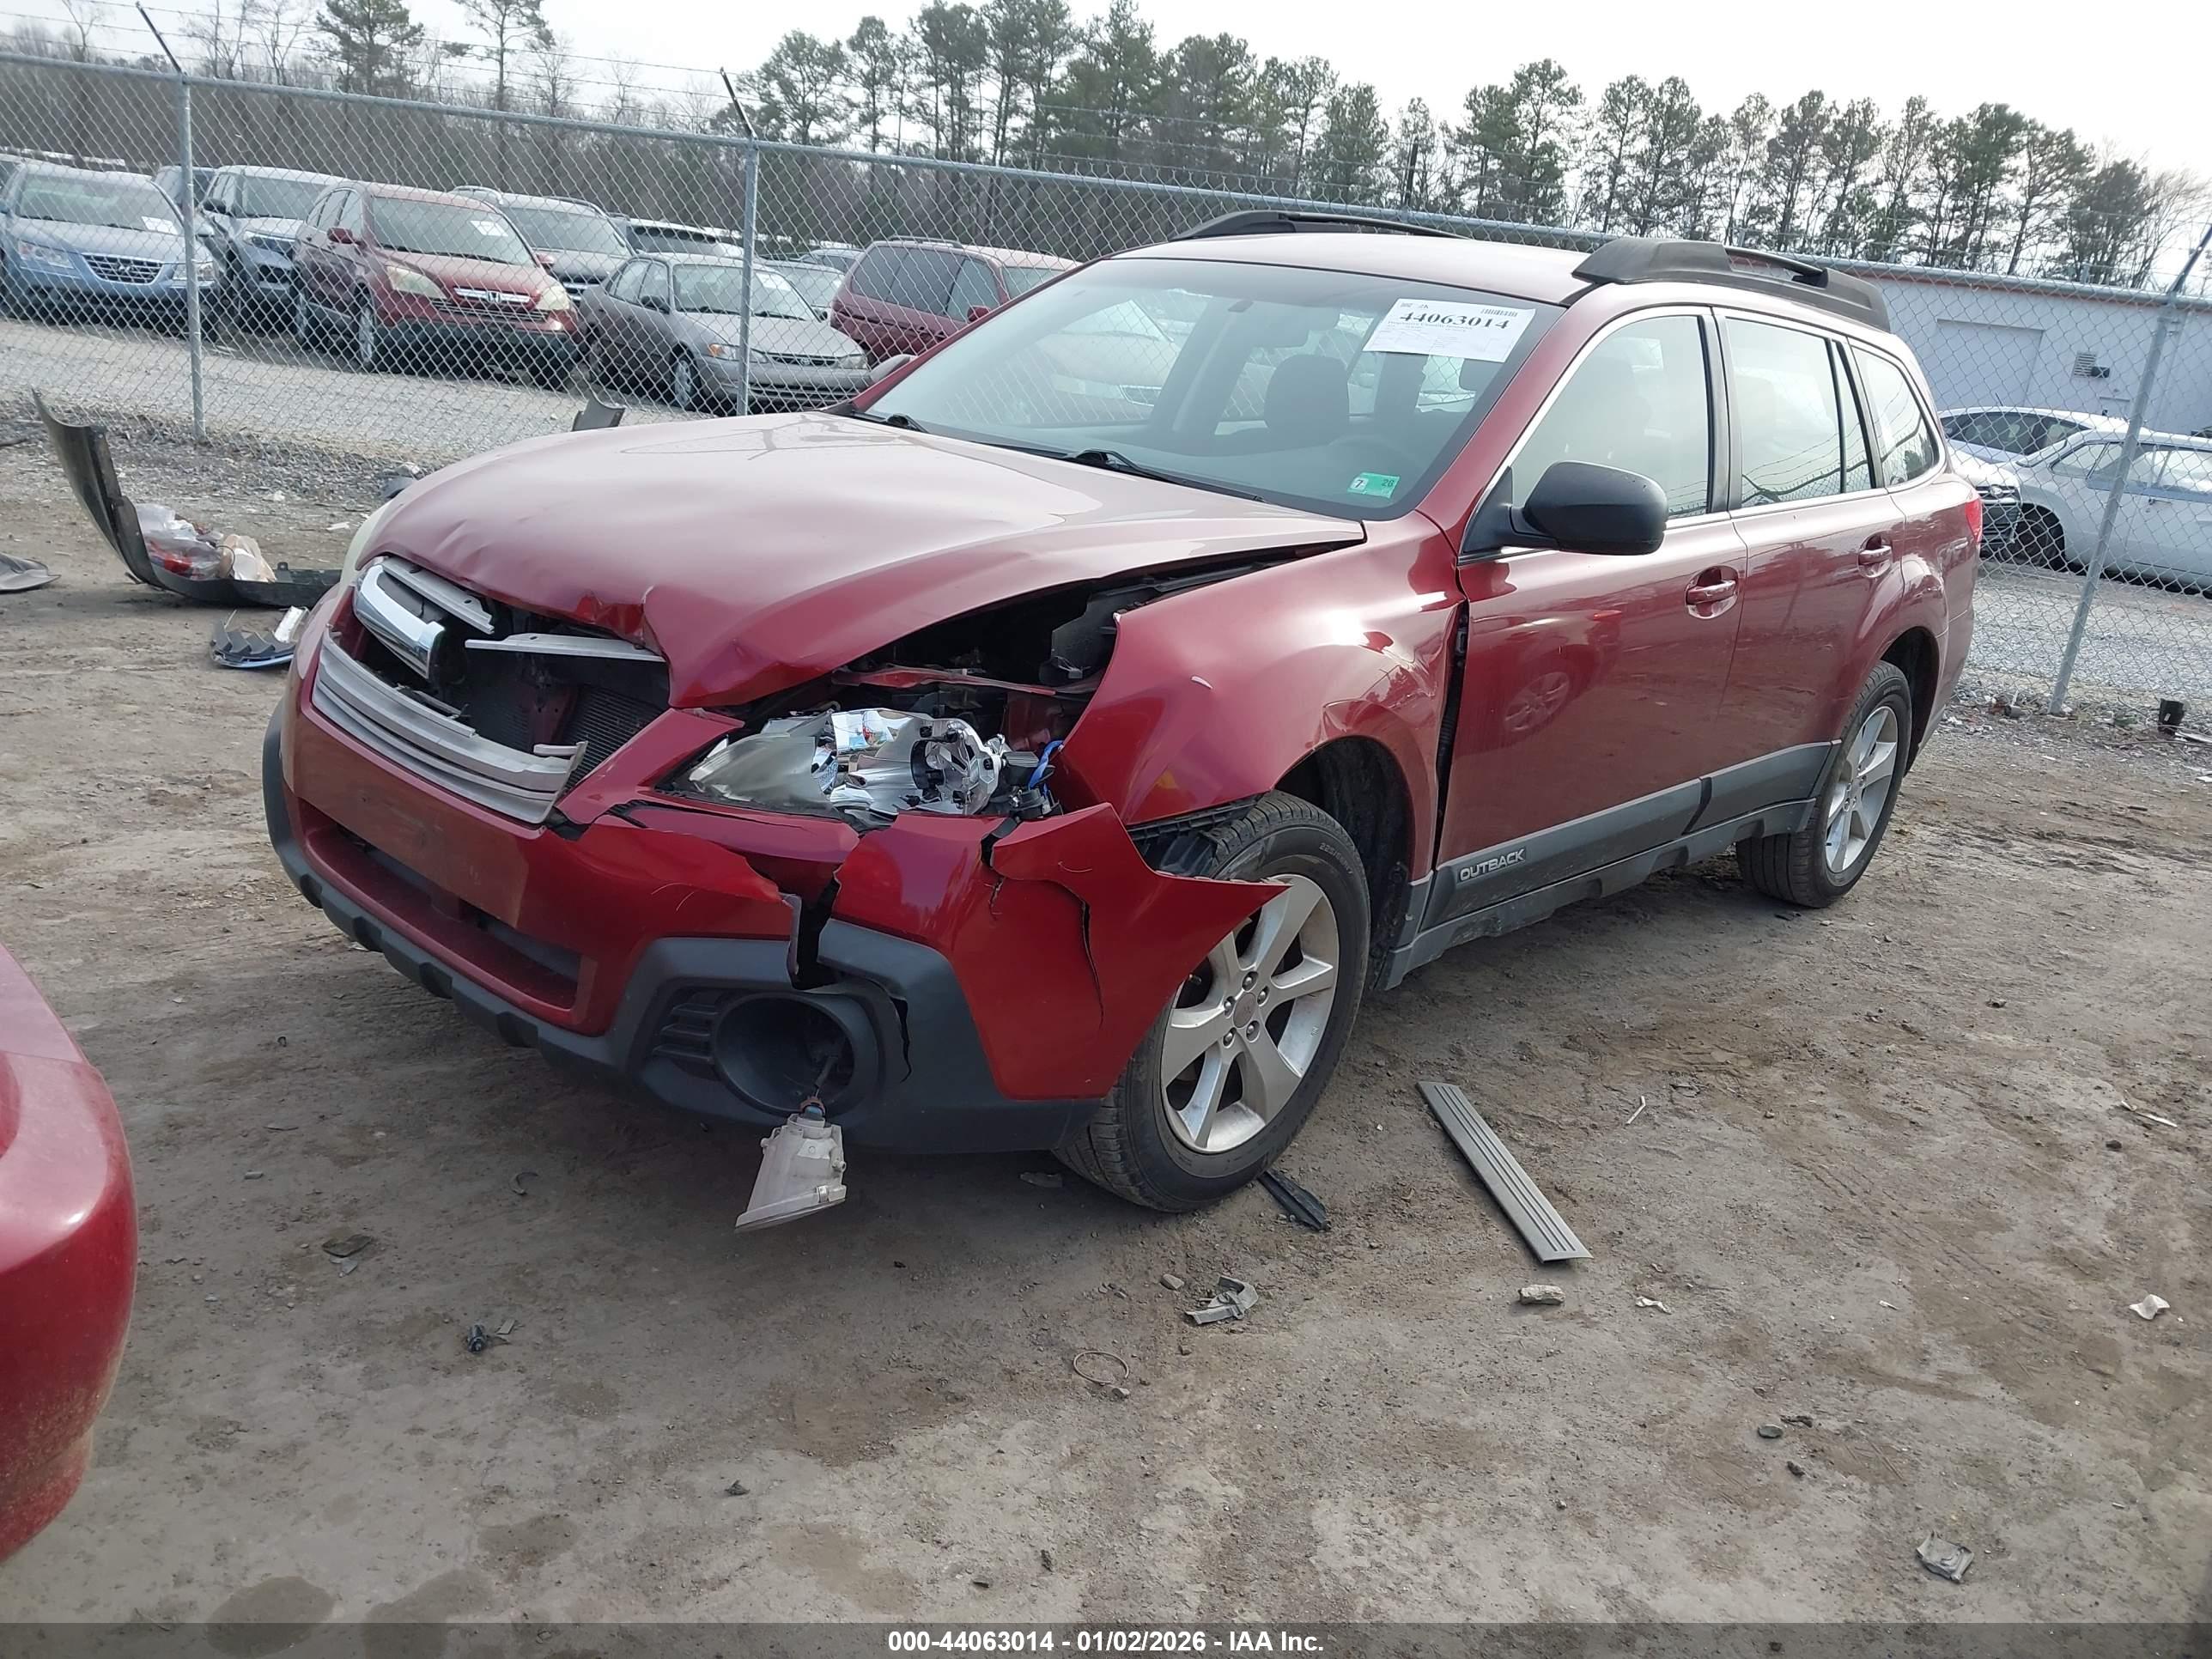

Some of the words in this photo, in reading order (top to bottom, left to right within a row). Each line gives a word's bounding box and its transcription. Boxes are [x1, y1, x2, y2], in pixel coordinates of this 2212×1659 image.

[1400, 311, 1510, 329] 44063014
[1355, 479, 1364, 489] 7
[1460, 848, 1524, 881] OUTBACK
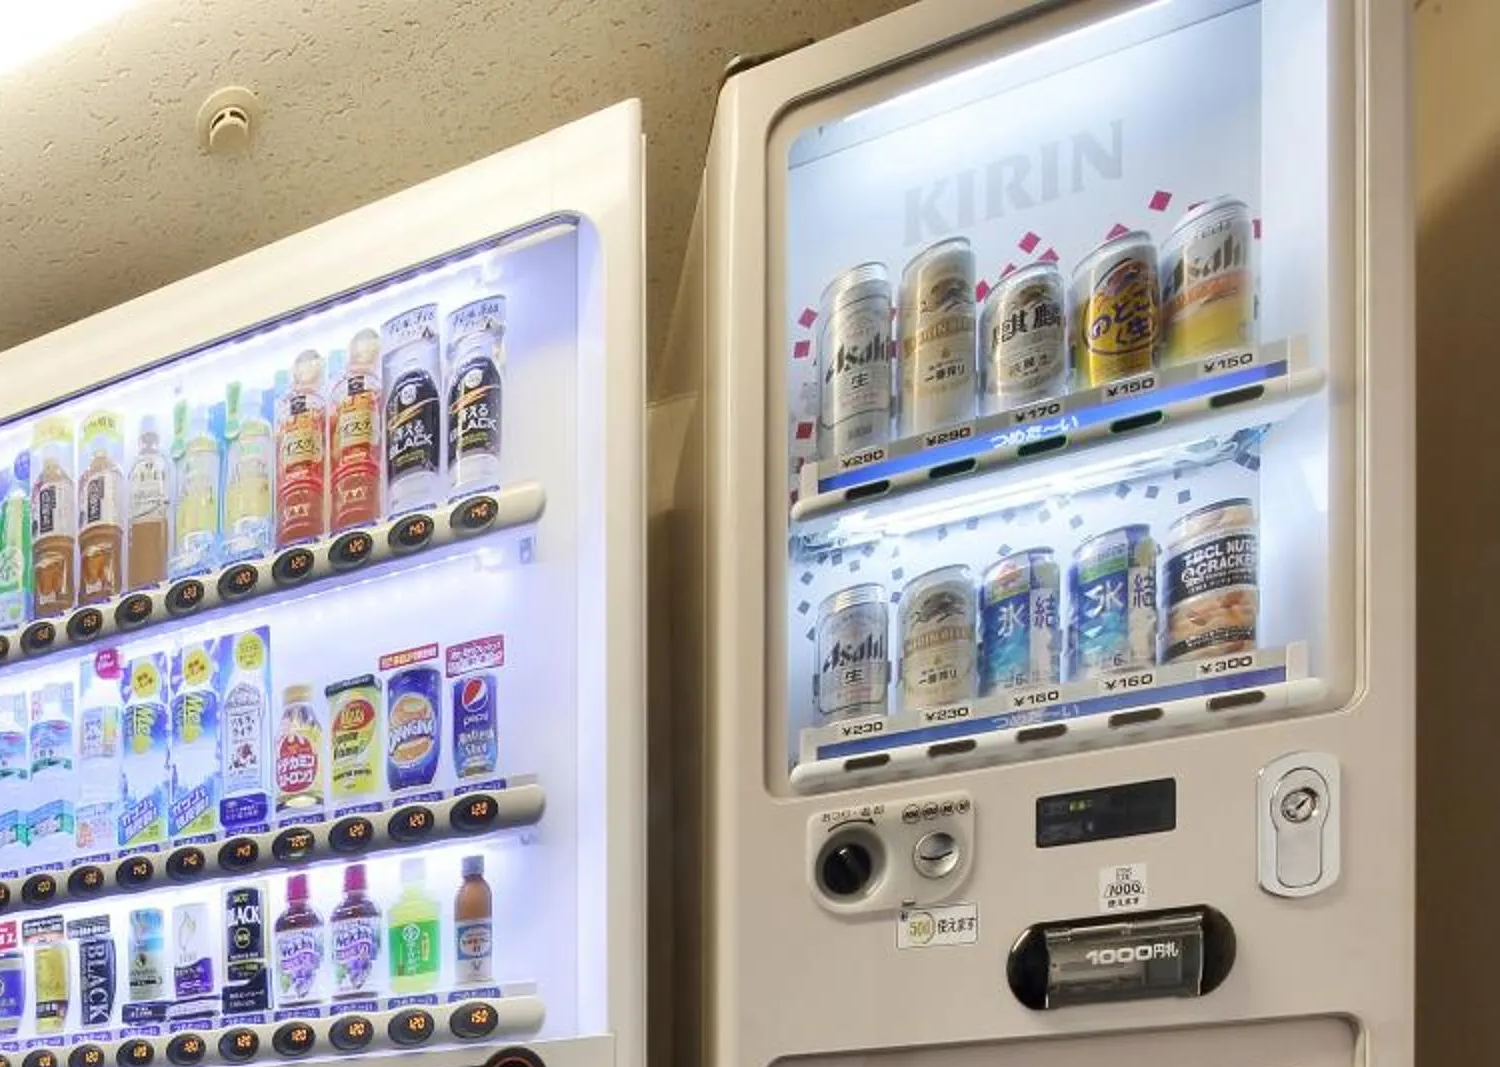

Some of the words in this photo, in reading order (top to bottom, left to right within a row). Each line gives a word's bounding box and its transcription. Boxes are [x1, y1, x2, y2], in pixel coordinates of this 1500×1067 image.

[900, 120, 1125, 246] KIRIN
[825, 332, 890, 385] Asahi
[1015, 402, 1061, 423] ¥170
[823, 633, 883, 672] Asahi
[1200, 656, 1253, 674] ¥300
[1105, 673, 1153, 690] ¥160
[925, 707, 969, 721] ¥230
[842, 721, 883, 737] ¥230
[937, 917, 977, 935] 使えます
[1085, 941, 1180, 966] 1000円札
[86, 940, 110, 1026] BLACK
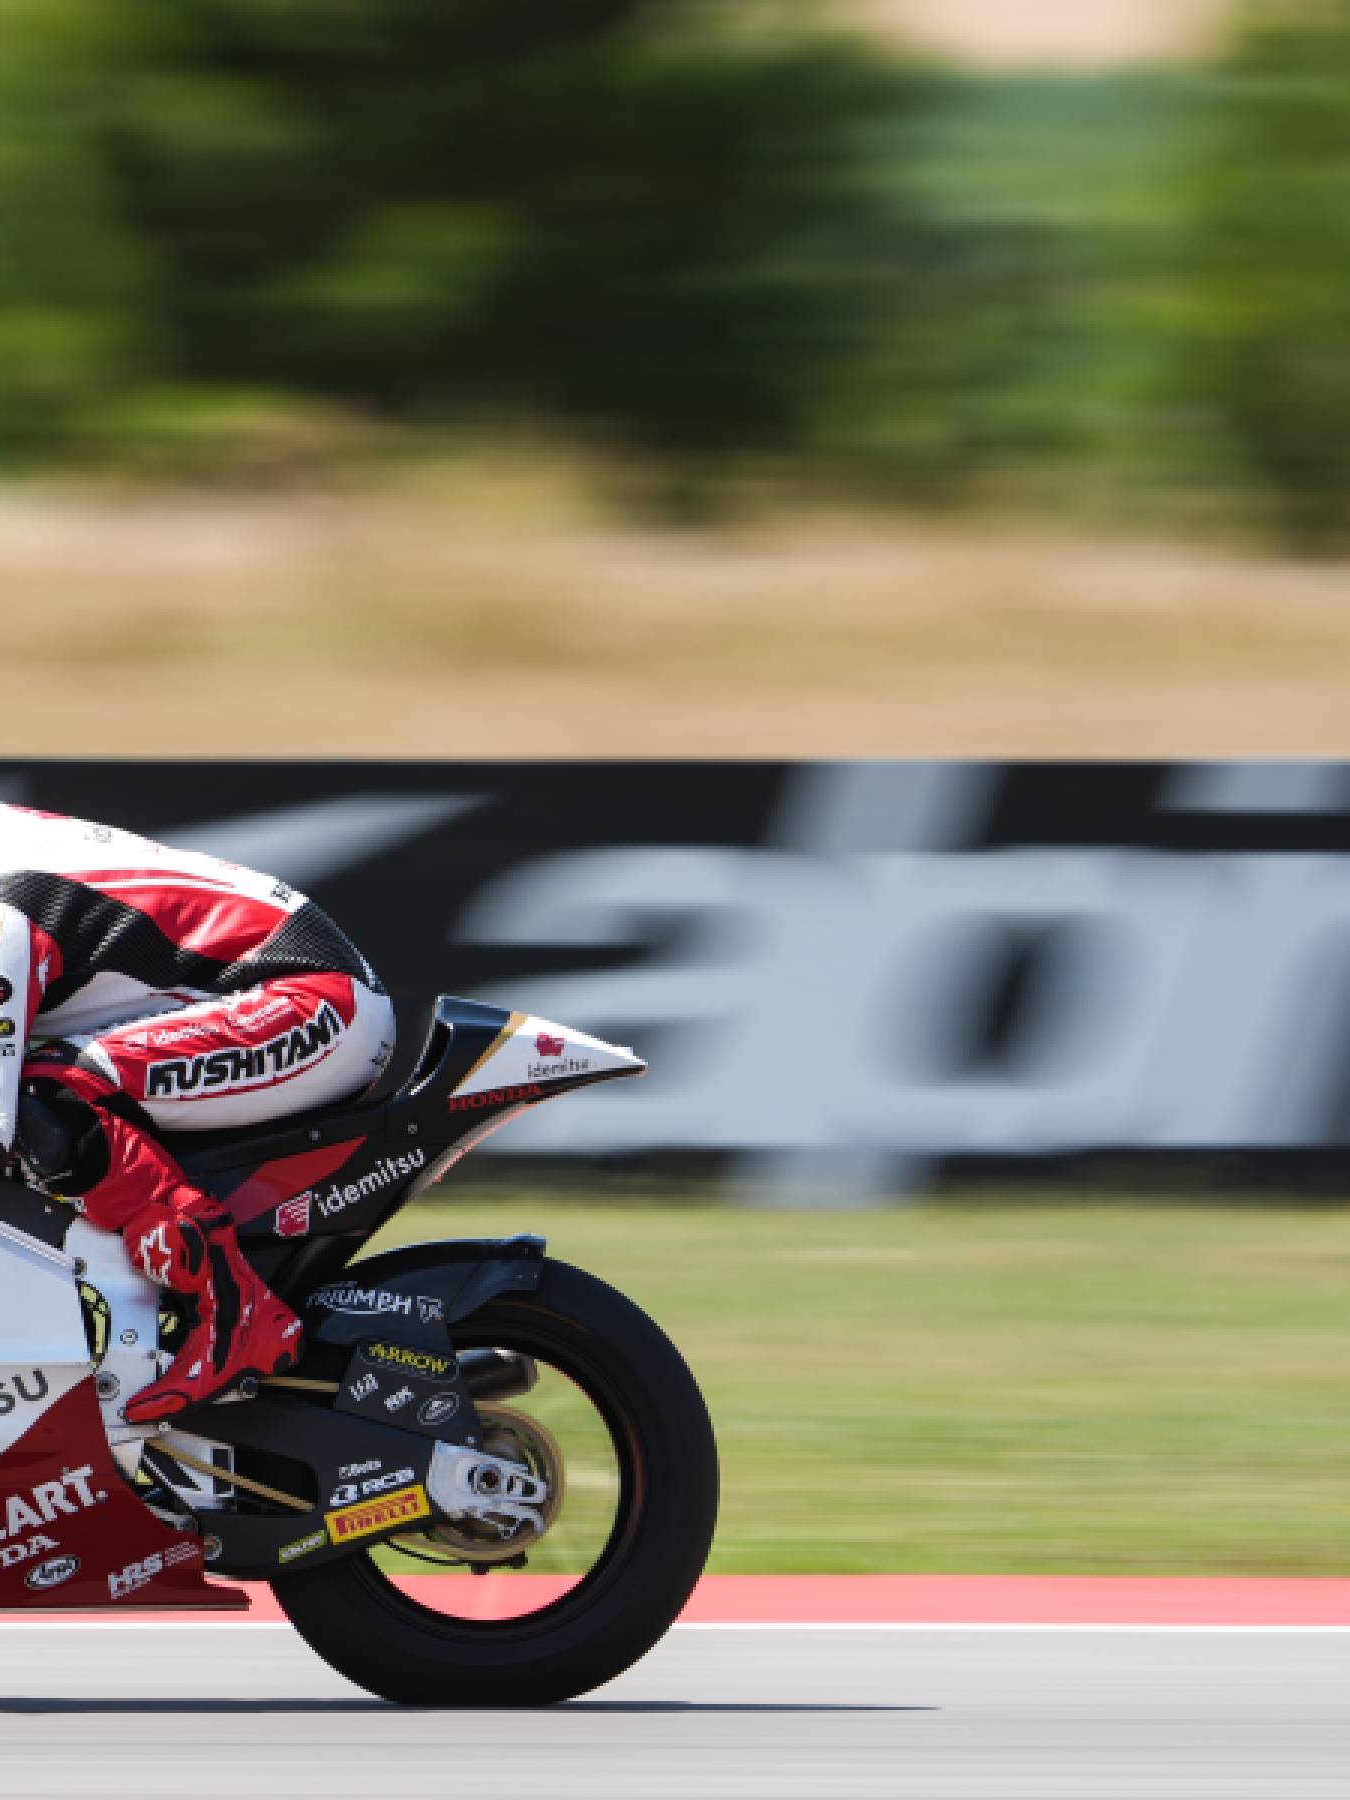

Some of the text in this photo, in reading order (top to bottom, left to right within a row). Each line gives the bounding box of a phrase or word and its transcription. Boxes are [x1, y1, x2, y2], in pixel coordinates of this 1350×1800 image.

-- What to do --
Please give the data again in full, exactly as written, but without any images.

-- Solution --
Some of the words in this photo, in reading order (top to bottom, left to right within a row). Each line gives a word's bounding box and its transcription. Boxes are [x1, y1, x2, y2], in pixel coordinates of this 2212×1659 image.

[1400, 311, 1510, 329] 44063014
[1355, 479, 1364, 489] 7
[1460, 848, 1524, 881] OUTBACK

Some of the words in this photo, in reading order (top to bottom, left to right within a row). Each line gives a word's bounding box and its transcription. Boxes are [x1, y1, x2, y2], in pixel coordinates of this 1500×1067 image.

[900, 120, 1125, 246] KIRIN
[825, 332, 890, 385] Asahi
[1015, 402, 1061, 423] ¥170
[823, 633, 883, 672] Asahi
[1200, 656, 1253, 674] ¥300
[1105, 673, 1153, 690] ¥160
[925, 707, 969, 721] ¥230
[842, 721, 883, 737] ¥230
[937, 917, 977, 935] 使えます
[1085, 941, 1180, 966] 1000円札
[86, 940, 110, 1026] BLACK

Some of the text in this photo, in reading order (top to bottom, left to right within a row). Each line gives the bounding box of a phrase or word and its transcription. Boxes are [x1, y1, x2, y2], in pixel coordinates of this 1350×1800 image.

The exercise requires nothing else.